### PROBLEM DESCRIPTION
The listing below must be repeated word for word, without its pictures.

### GIVEN DATA
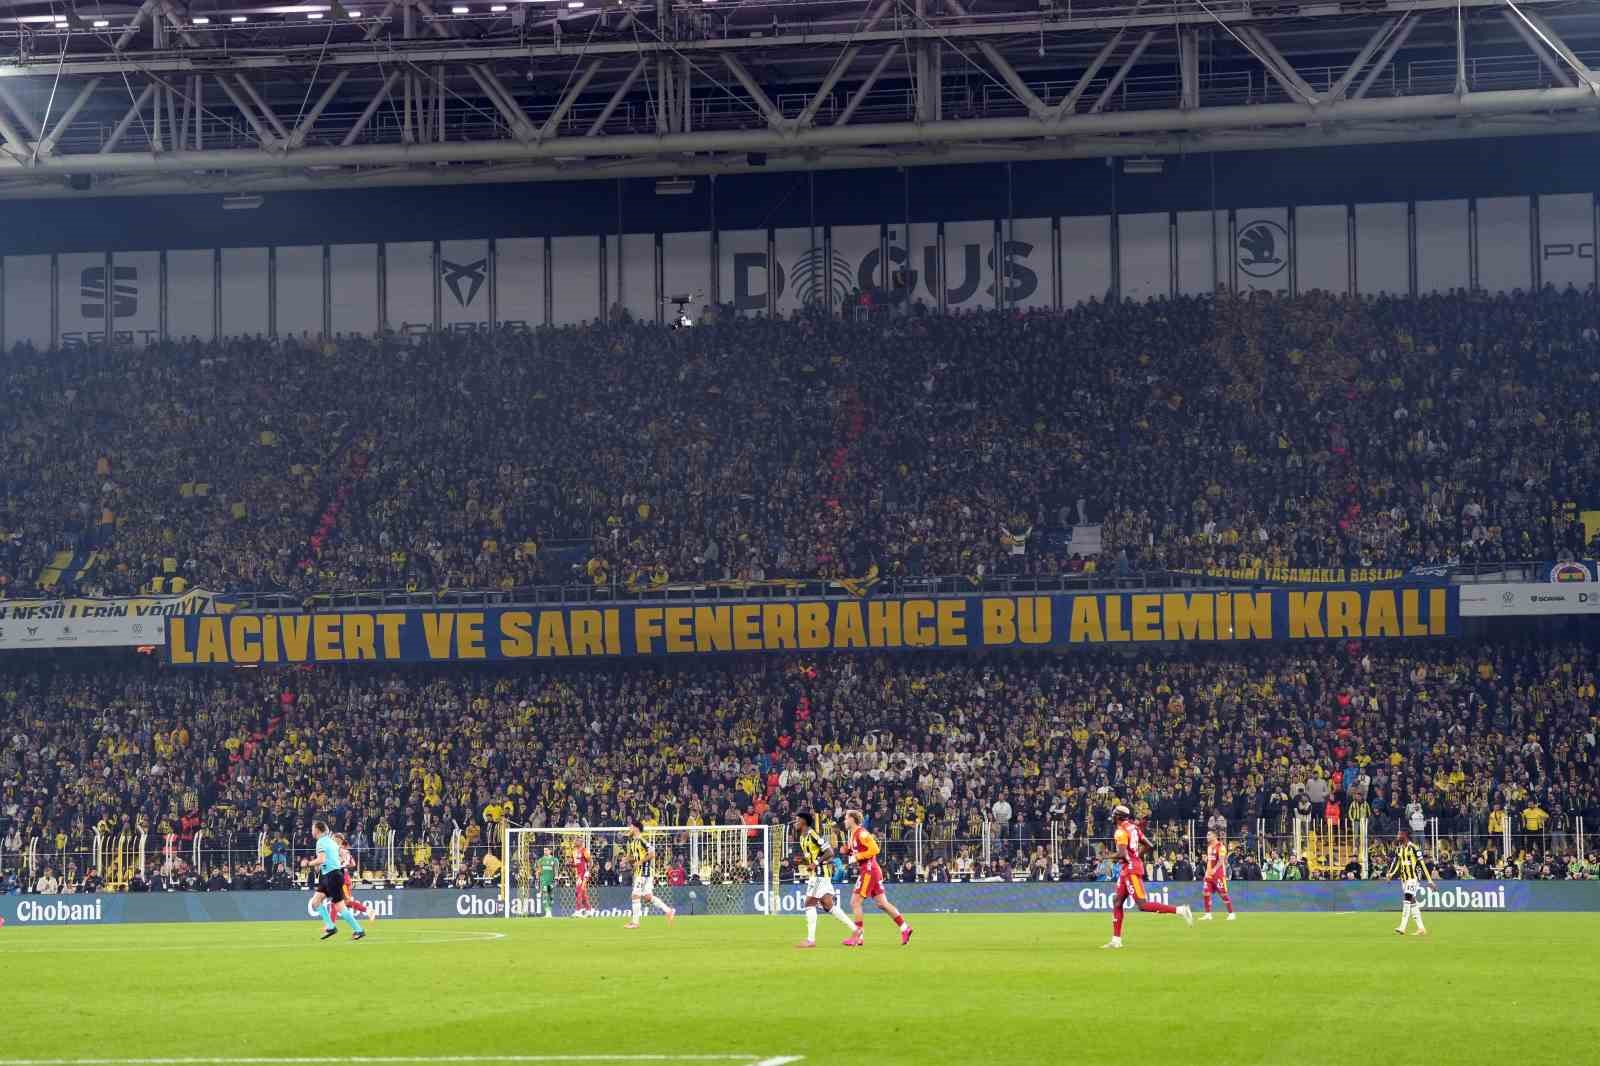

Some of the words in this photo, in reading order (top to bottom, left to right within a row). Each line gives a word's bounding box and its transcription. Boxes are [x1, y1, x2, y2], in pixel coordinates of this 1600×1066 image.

[170, 612, 407, 664] LACİVERT
[421, 612, 487, 660] VE
[500, 607, 621, 658] SARI
[982, 596, 1052, 645] BU
[1069, 590, 1273, 644] ALEMİN
[1288, 588, 1447, 640] KRALI
[753, 889, 841, 911] Cobi
[1078, 886, 1169, 909] Chbni
[1413, 885, 1506, 908] Chobani
[16, 898, 102, 921] Chobani
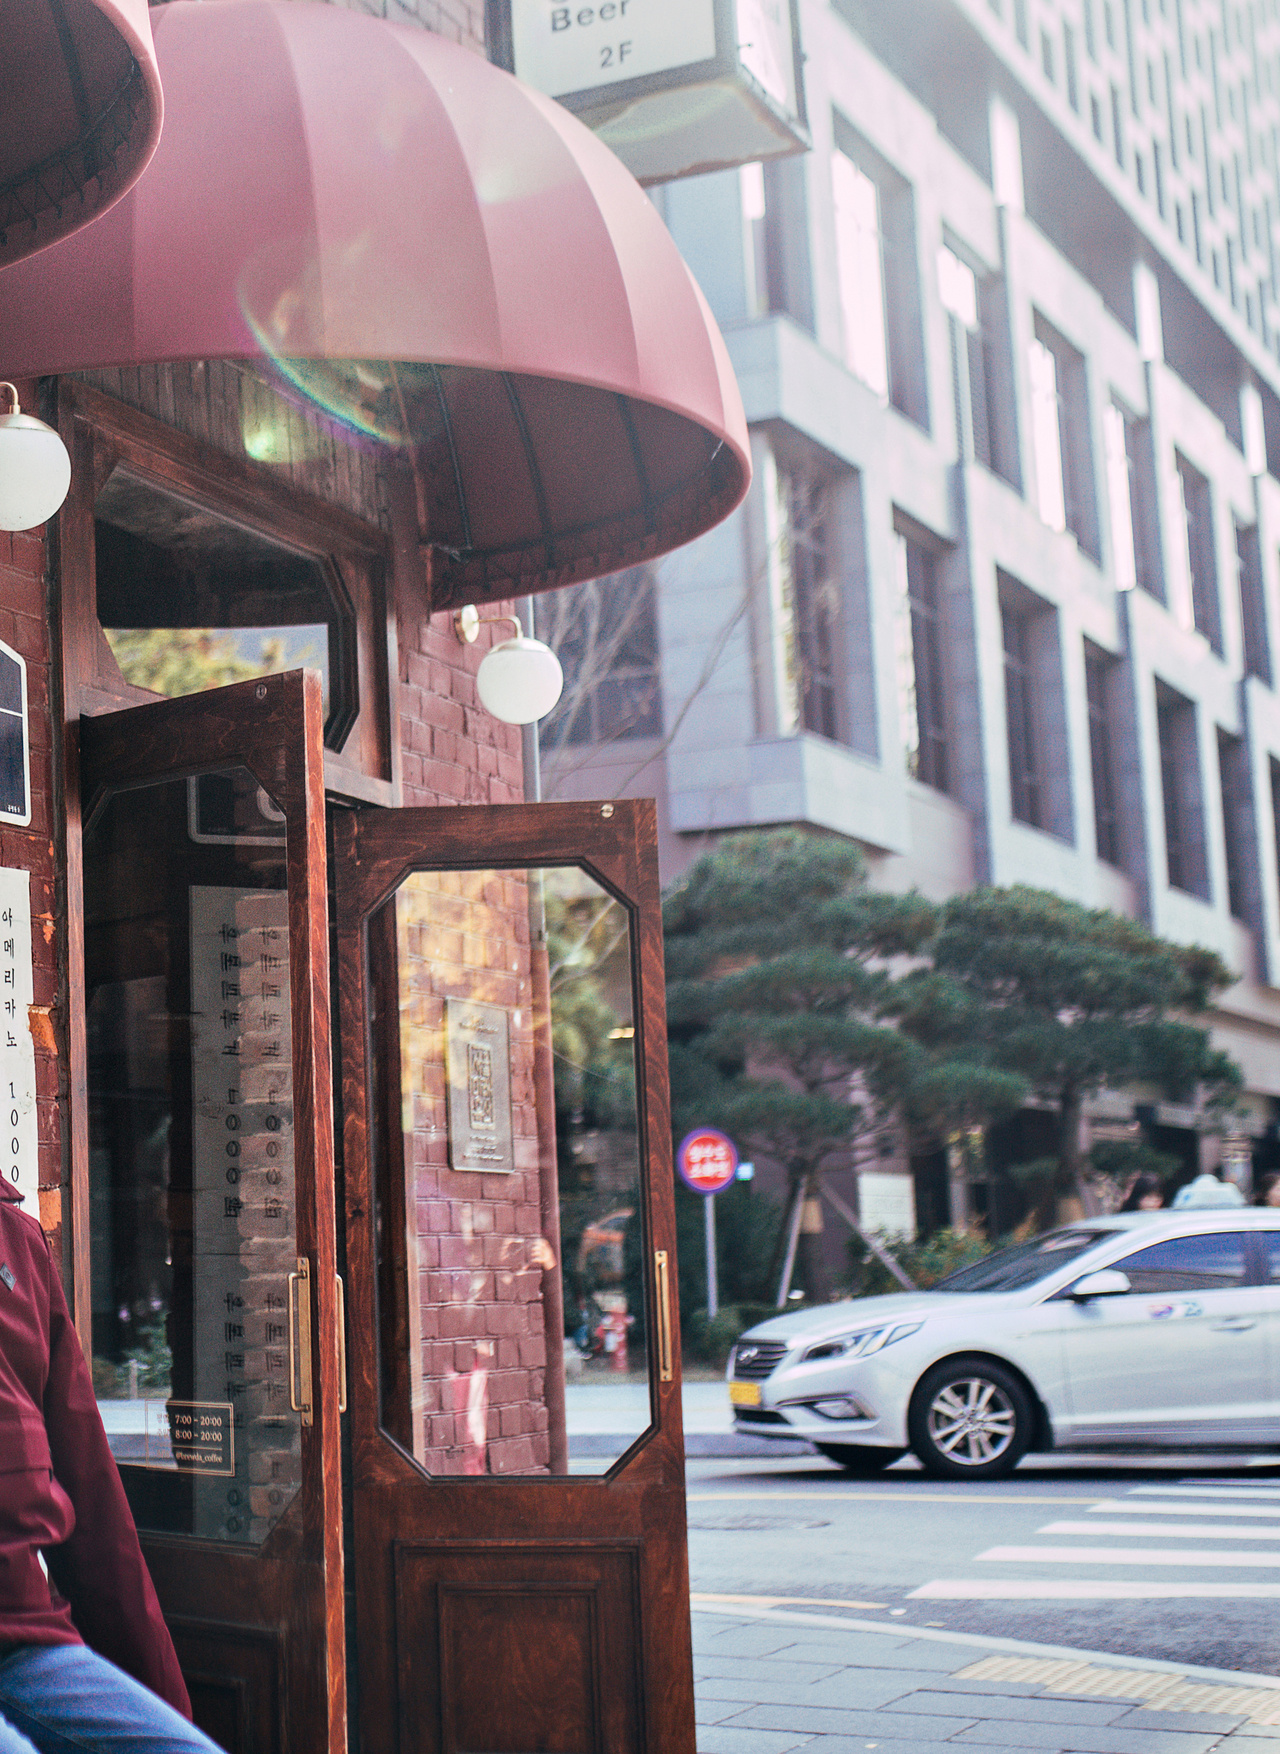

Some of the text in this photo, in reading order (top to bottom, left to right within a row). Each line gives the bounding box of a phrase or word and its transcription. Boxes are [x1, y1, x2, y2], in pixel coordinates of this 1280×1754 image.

[550, 0, 631, 32] Beer
[600, 40, 632, 69] 2F
[8, 1081, 20, 1208] 1000
[175, 1413, 193, 1425] 7:00
[200, 1415, 222, 1427] 20:00
[175, 1429, 193, 1441] 8:00
[200, 1431, 223, 1442] 20:00
[175, 1450, 223, 1464] @brewda_coffee
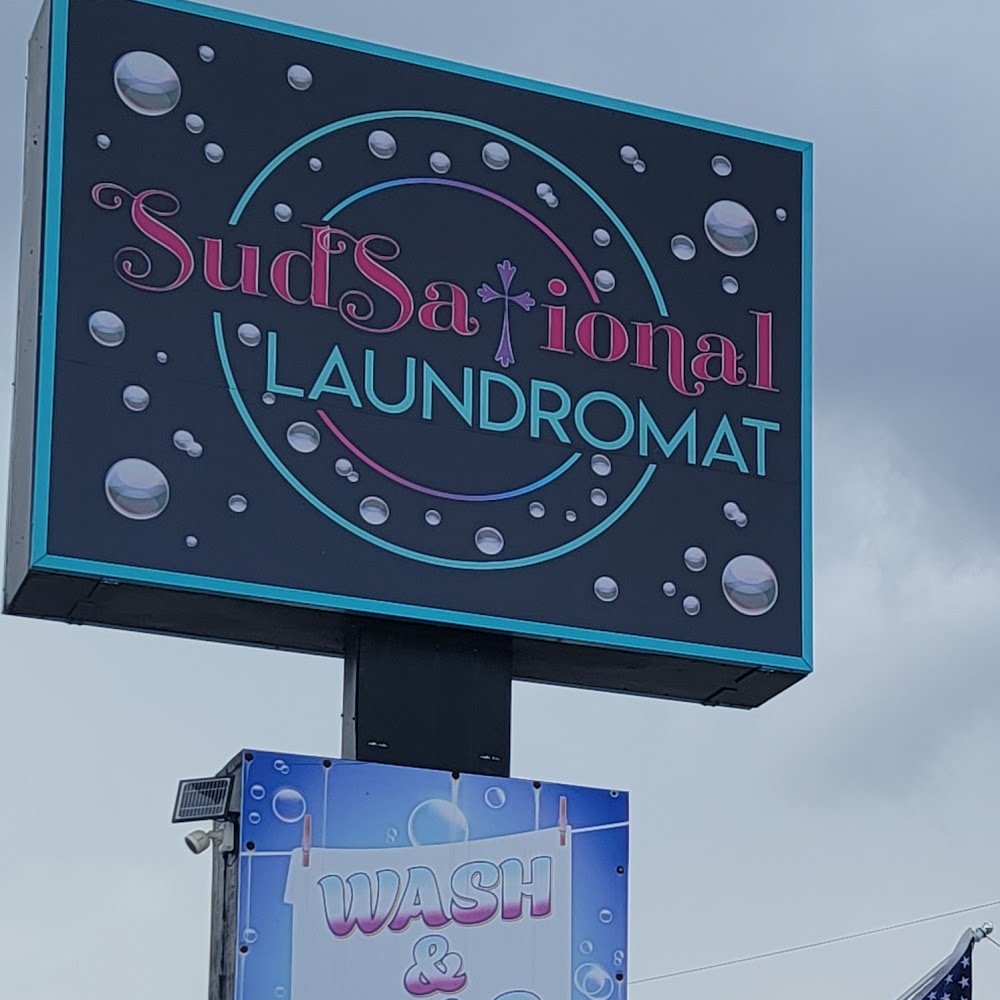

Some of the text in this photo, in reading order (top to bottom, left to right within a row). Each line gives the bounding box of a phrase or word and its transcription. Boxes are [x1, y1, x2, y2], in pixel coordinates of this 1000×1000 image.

[266, 331, 781, 477] LAUNDROMAT
[318, 855, 553, 938] WASH
[403, 934, 467, 997] &

### EXERCISE ANSWER
Some of the words in this photo, in reading order (top to bottom, left to right within a row). Each line gives a word's bounding box and its transcription. Boxes are [x1, y1, x2, y2], in pixel coordinates of this 1600×1066 image.

[170, 612, 407, 664] LACİVERT
[421, 612, 487, 660] VE
[500, 607, 621, 658] SARI
[982, 596, 1052, 645] BU
[1069, 590, 1273, 644] ALEMİN
[1288, 588, 1447, 640] KRALI
[753, 889, 841, 911] Cobi
[1078, 886, 1169, 909] Chbni
[1413, 885, 1506, 908] Chobani
[16, 898, 102, 921] Chobani

Some of the text in this photo, in reading order (top to bottom, left to right within a row). Each line gives the bounding box of a phrase or word and its transcription. Boxes are [x1, y1, x2, y2], in pixel coordinates of this 1280×1754 image.

[550, 0, 631, 32] Beer
[600, 40, 632, 69] 2F
[8, 1081, 20, 1208] 1000
[175, 1413, 193, 1425] 7:00
[200, 1415, 222, 1427] 20:00
[175, 1429, 193, 1441] 8:00
[200, 1431, 223, 1442] 20:00
[175, 1450, 223, 1464] @brewda_coffee

Some of the text in this photo, in reading order (top to bottom, left to right within a row). Each line gives the bounding box of a phrase or word and its transcription. Boxes are [x1, y1, x2, y2], in pixel coordinates of this 1000×1000 image.

[266, 331, 781, 477] LAUNDROMAT
[318, 855, 553, 938] WASH
[403, 934, 467, 997] &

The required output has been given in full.